JCPenney avait une dette de 3,7 milliards de dollars à la fin de 2019. Bien que JCPenney dispose de suffisamment de liquidités pour survivre au cours des prochains mois, elle pourrait être confrontée à des difficultés de refinancement de sa dette à l'avenir, a déclaré David Silverman, directeur principal chez Fitch Ratings.

« Il y a de fortes chances qu'ils puissent survivre, mais ce n'est pas un échec », a déclaré Craig Johnson, président de Customer Growth Partners. « Cela va être un pointeur à trois points dans le coin avec le temps qui s'écoule. » JCPenney devra réduire considérablement ses 850 magasins, a déclaré Johnson.

JCPenney n'a pas répondu aux demandes de commentaires.

Neiman Marcus envisage de déposer le bilan pour alléger son endettement de 4,3 milliards de dollars, a rapporté Bloomberg le mois dernier. Neiman Marcus est « complètement impuissant à la lumière du fait que le secteur du luxe pourrait ne pas émerger rapidement lorsque la crise pandémique sera terminée », a déclaré Cohen de la Columbia Business School.

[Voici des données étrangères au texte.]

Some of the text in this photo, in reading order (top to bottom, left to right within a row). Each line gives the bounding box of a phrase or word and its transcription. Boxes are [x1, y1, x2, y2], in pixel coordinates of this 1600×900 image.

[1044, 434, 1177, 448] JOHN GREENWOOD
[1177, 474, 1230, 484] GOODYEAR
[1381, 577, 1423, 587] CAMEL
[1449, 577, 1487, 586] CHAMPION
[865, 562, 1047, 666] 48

Neiman Marcus a refusé de commenter.

J Crew a une dette de 1,6 milliard de dollars. Avant l'épidémie, J Crew envisageait de filer Madewell, sa marque de denim à croissance rapide, pour aider à rembourser une partie de sa dette. Mais ces plans sont désormais menacés.

« L'incapacité potentielle pour eux d'introduire en bourse Madewell pourrait les conduire à une restructuration plus désastreuse », a déclaré Silverman de Fitch Ratings.

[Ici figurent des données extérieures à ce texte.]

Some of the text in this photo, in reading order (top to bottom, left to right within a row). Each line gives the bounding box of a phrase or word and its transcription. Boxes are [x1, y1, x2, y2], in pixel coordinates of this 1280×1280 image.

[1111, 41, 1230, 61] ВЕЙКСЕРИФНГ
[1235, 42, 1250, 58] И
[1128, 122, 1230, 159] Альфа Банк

J. Crew n'a pas répondu aux demandes de commentaires.

Fitch a également revu à la baisse les cotes de crédit de GNC (GNC), Party City (PRTY) et Tailored Brands (TLRD), propriétaire de Men's Warehouse et Joseph A. Bank, ces dernières semaines.

La fin de Sears ?

La semaine dernière, Sears a annoncé qu'il fermerait tous ses magasins de marque Sears restants jusqu'au 30 avril au moins en raison de l'épidémie de coronavirus. Il maintient les magasins Kmart ouverts là où c'est autorisé. Beaucoup de ces magasins vendent des produits d'épicerie et ont des pharmacies. Il a également mis la main sur la plupart des employés de son siège social.

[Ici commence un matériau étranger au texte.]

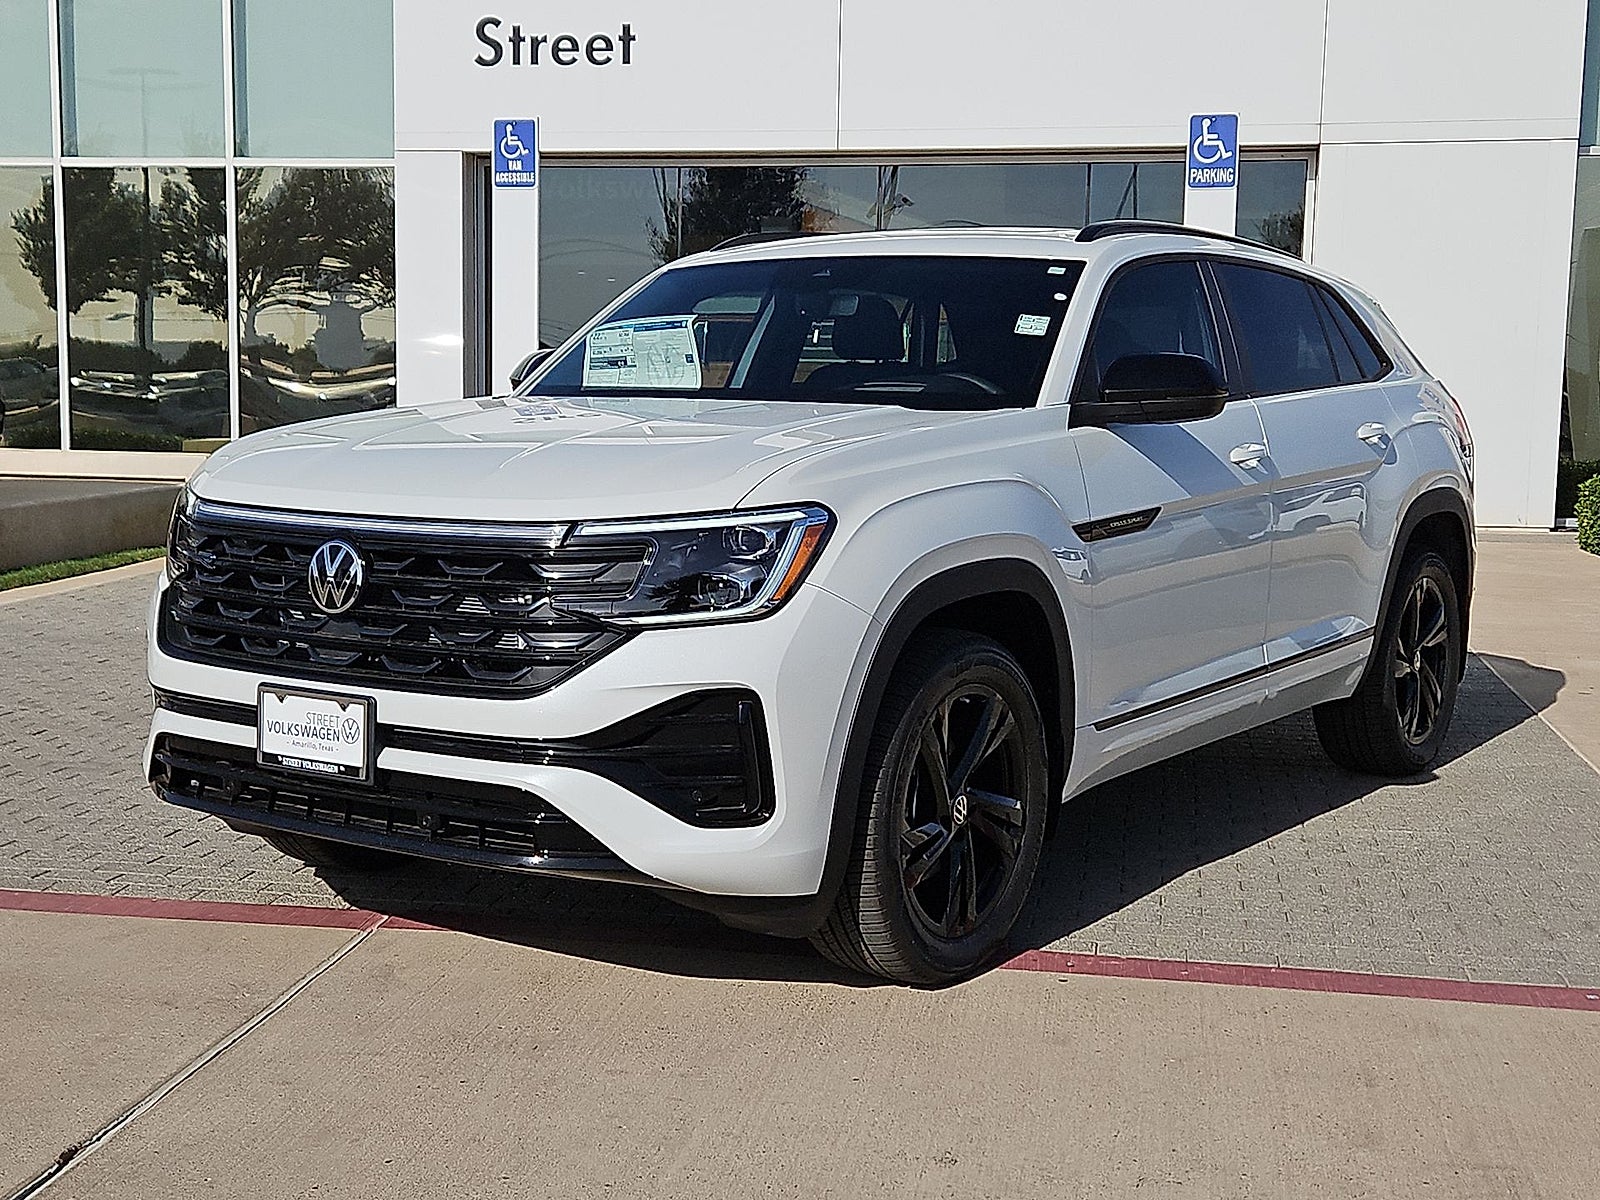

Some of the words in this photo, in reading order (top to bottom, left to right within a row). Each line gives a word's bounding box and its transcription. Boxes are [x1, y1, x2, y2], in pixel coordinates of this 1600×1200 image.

[474, 16, 636, 67] Street
[507, 159, 523, 172] VAN
[495, 172, 535, 184] ACCESSIBLE
[1190, 168, 1234, 183] PARKING
[305, 711, 340, 728] STREET
[266, 719, 340, 742] VOLKSWAGEN
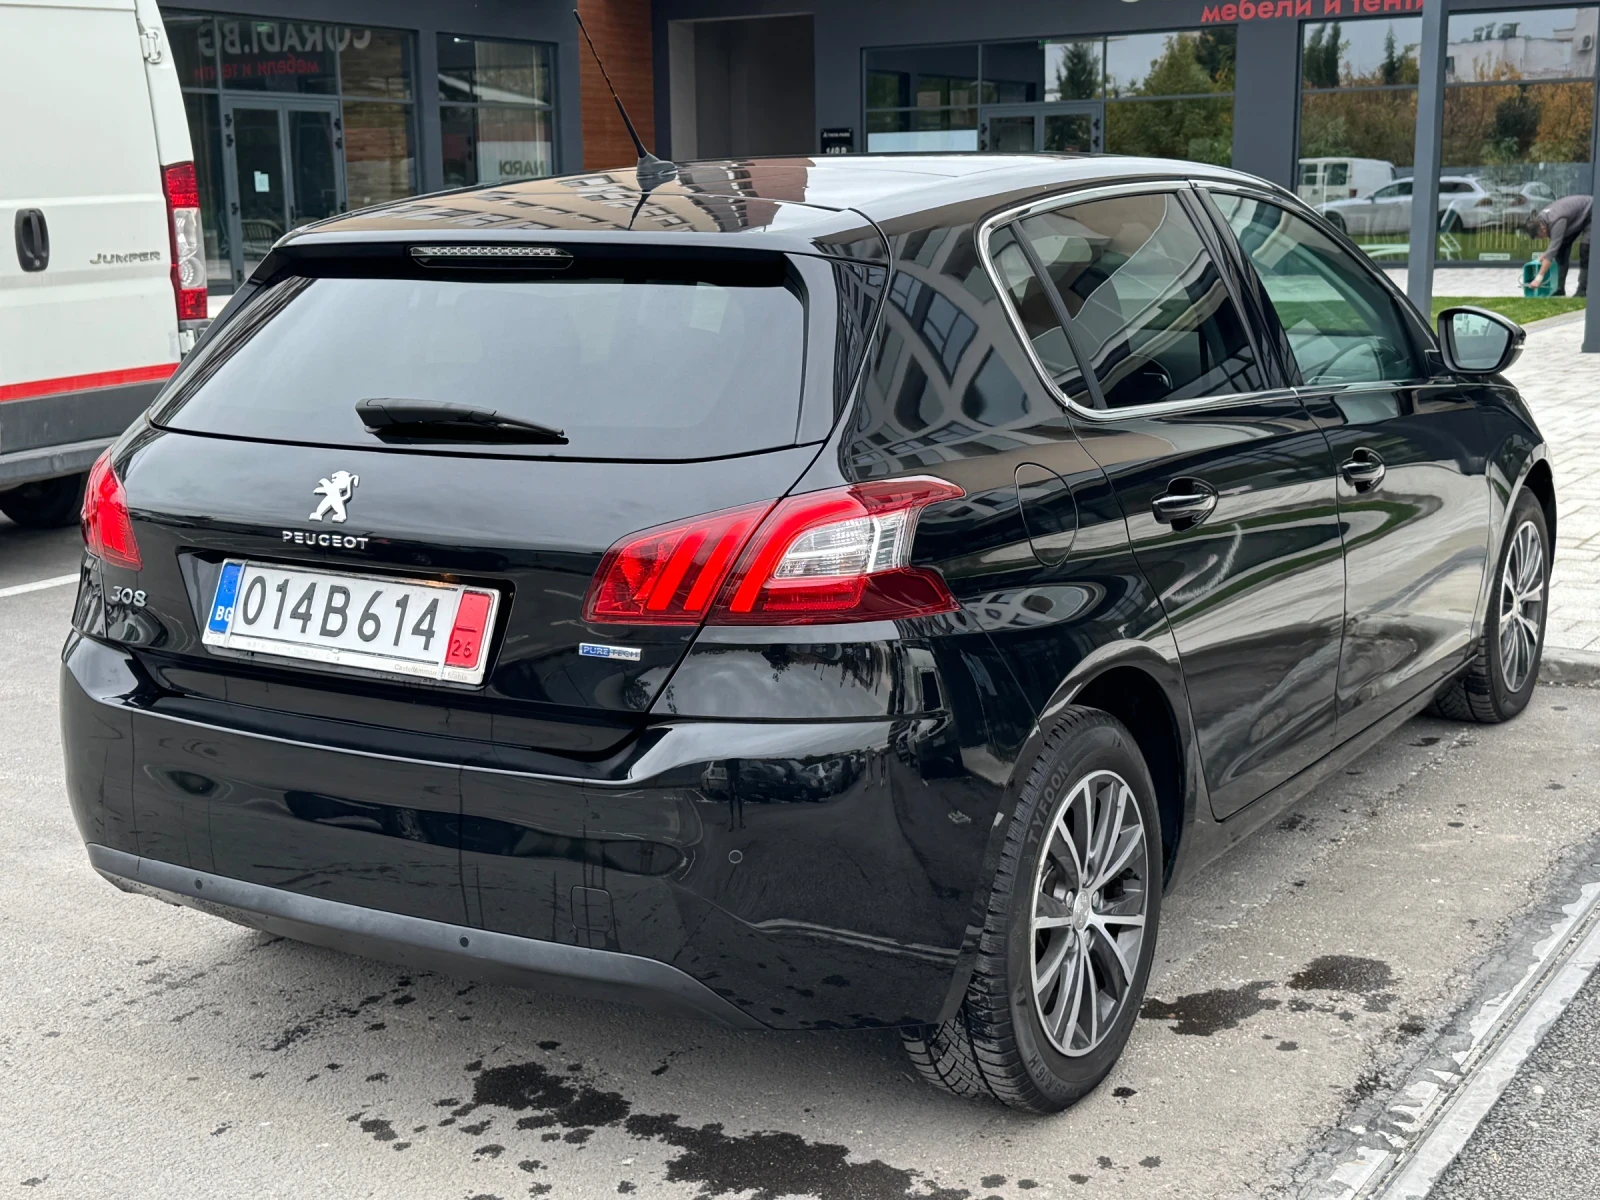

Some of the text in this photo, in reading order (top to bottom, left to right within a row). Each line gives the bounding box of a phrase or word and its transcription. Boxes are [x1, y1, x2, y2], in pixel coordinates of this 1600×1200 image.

[1201, 0, 1311, 22] мебели
[89, 251, 160, 264] JUMPER
[282, 530, 369, 549] PEUGEOT
[111, 585, 146, 607] 308
[215, 605, 233, 622] BG
[242, 575, 440, 651] 014B614
[451, 639, 473, 659] 26
[1028, 760, 1069, 844] TYFOON

Mais l'entreprise ferme des magasins – de façon continue et permanente – depuis des années. Des pertes de 12 milliards de dollars depuis sa dernière année rentable en 2010 ont rendu la faillite inévitable.

Les fermetures de magasins se sont poursuivies après que Sears est sortie de la faillite, ce qui donne à penser que les pertes subies par la société désormais privée se sont poursuivies. Fin février, il n'était plus que de 182 magasins.

Un porte-parole de l'entreprise a refusé de commenter cette histoire.

Un deuxième et dernier dépôt de bilan ne serait pas unique à Sears. Le cimetière de vente au détail est rempli de sociétés qui ont émergé de la faillite avec l'intention de continuer à fonctionner mais qui ont rapidement cessé leurs activités. Parmi eux, Payless Shoes, Gymboree, American Apparel et RadioShack.